Américo Vespucio -cuentan así quienes nos relatan la historia desde nuestro “avistamiento”- al venir a América y entrar por el lago de Maracaibo, los palafitos de nuestros aborígenes -prefiero designarles así, y no “indios”, pues América no era la India que ellos buscaban para hacer comercio- le trajeron a su recuerdo las lejanas tierras de Venecia y, de ahí, llamaría a nuestra patria, “Venezuela, pequeña Venecia”.

Poco más tarde será Colón, quien en el Golfo de Paria, al ver la inmensidad de las aguas del Orinoco nos reconoció como una “Tierra de Gracia”, un nuevo “Paraíso Terrenal”.

Hay que ver que  ha corrido agua por el Orinoco desde esa época y, a lo que fuimos o pudimos ser, han venido contribuyendo, en pro o en contra, las generaciones de cada momento.

Pero no hace falta ir muy atrás. Esta “robolución bonita”, que “con bombos y platillos” a finales del siglo XX prometió ser “el socialismo del siglo XXI” terminó sucumbiendo ante la fase más cruel, más inmoral y antipopular del capitalismo, ni más ni menos que la articulación de Venezuela dentro del capitalismo monopólico financiero internacional, una, muy bien definida por Juan Pablo II, etapa de capitalismo salvaje, donde la “persona humana” juega ninguno a casi ningún papel, pues el interés está en la redituación del capital por el mismo capital: dinero, haciendo dinero. Esa es la explicación del porqué del aumento de la banca pública local y la creación de bancos regionales, que ya no buscan ser instituciones de apoyo al desarrollo, sino instituciones eminentemente financieras para colocar bonos sin ningún valor concreto, subsidios clientelistas y actitudes paternalistas de Estados asociados en la búsqueda de la falsa “dizque solidaridad de los pueblos” latinoamericanos.

Los pueblos no son solidarios desde los gobiernos, ni la generosidad de los magnates de turno puede pretender “quitar el pan de la boca” del país “A” en función de las necesidades del país “D”.

Esta generosidad con lo ajeno, este desprendimiento con lo que no nos es propio construye las bases del modelo de Estado con el que nos encontramos en 2013, tras 14 años de desaciertos, politiquería y destrucción de la infraestructura básica para crecer y convertirnos en un eje real de desarrollo regional junto a otros países del continente; y no para convertir a funcionarios y ad-láteres en los nuevos ricos y la nueva clase burguesa del país y el continente.

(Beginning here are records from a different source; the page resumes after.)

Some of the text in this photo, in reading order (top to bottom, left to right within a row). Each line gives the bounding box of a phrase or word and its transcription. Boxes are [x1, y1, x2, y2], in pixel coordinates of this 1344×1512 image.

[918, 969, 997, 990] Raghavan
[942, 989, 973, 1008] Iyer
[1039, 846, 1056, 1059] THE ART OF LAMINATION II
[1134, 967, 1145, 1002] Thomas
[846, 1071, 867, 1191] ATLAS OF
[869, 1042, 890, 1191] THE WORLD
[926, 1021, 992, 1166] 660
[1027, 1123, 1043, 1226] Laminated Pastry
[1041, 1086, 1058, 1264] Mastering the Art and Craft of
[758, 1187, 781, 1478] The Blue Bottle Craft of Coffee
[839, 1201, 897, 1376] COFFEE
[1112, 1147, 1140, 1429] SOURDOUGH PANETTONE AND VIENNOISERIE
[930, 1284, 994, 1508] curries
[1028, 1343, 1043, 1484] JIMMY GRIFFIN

Ante esta triste realidad, vemos con ingenuidad, y quizá con nostalgia, esa primera visión de quienes avistaron nuestras tierras. ¡Qué desgracia esta tierra de gracia! Venezuela ha sido como una mujer de la vida, con quien todo el que llega quiere acostarse. Se aprovecha de sus mejores años y luego, la desecha. Así son los gobiernos de turno, y el actual no ha sido distinto.

El reto de las generaciones políticas actuales, de los partidos de la Unidad Democrática y del Gobierno Nacional está de cara a las nuevas generaciones de venezolanos… ¿podrán esas nuevas generaciones ver a nuestra patria como una “tierra de oportunidades y gracias”? o será un campo minado de retos y desafíos inusitados… Toca a los actores político-sociales la palabra.